* [Task item]:
Below are entries to be transcribed exactly; exclude the pictures from the copy.

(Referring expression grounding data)
**********
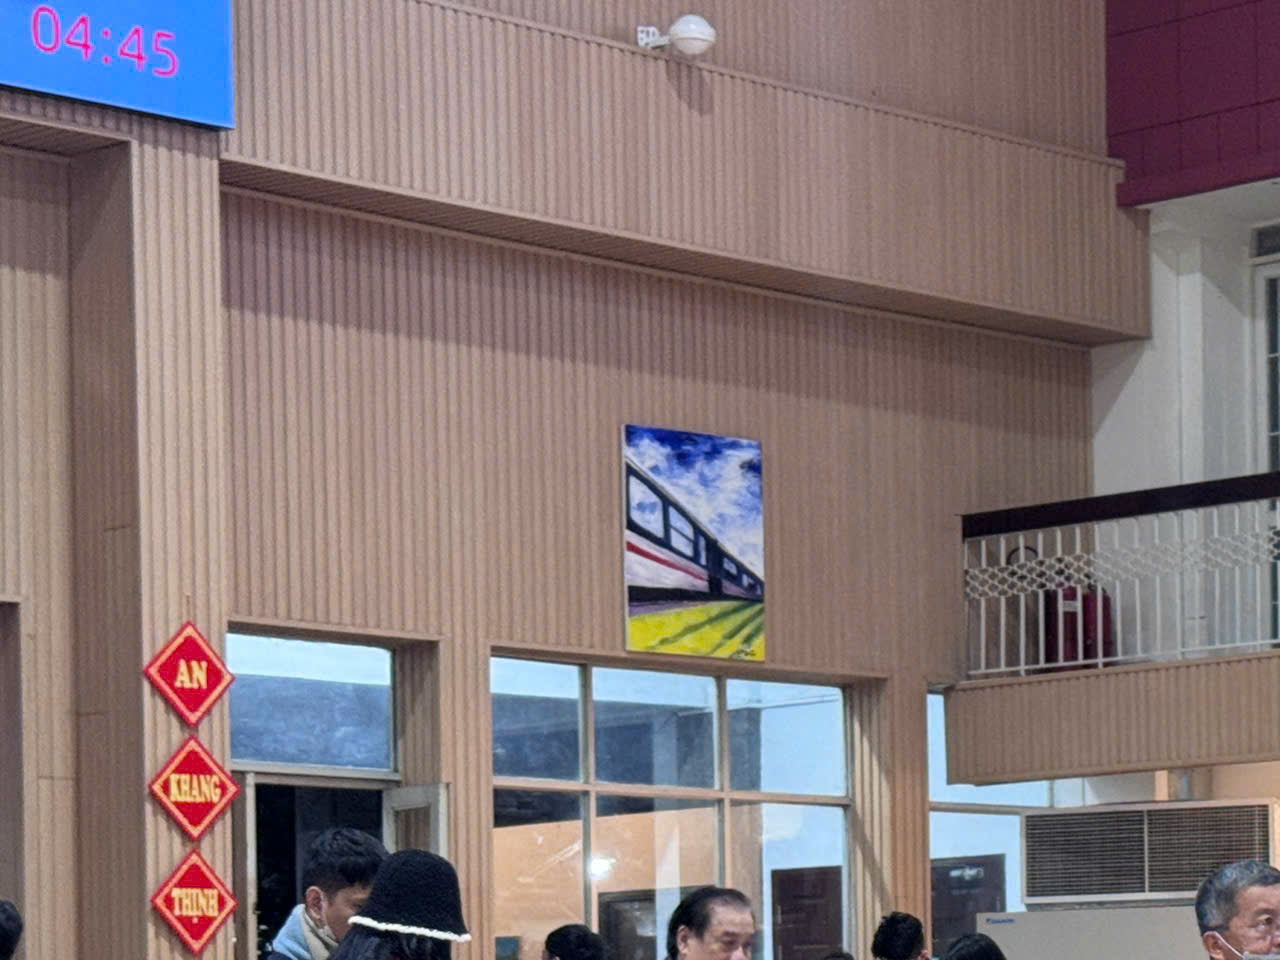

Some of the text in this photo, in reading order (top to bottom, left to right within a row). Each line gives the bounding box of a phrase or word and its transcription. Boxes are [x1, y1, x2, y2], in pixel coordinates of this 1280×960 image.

[31, 5, 180, 78] 04:45
[174, 660, 207, 689] AN
[169, 773, 221, 803] KHANG
[172, 888, 219, 924] THỊNH
**********
* [Response to this exercise]:
Some of the text in this photo, in reading order (top to bottom, left to right within a row). Each line gives the bounding box of a phrase or word and its transcription. Boxes are [x1, y1, x2, y2], in pixel coordinates of this 1280×960 image.

[31, 5, 180, 78] 04:45
[174, 660, 207, 689] AN
[169, 773, 221, 803] KHANG
[172, 888, 219, 924] THỊNH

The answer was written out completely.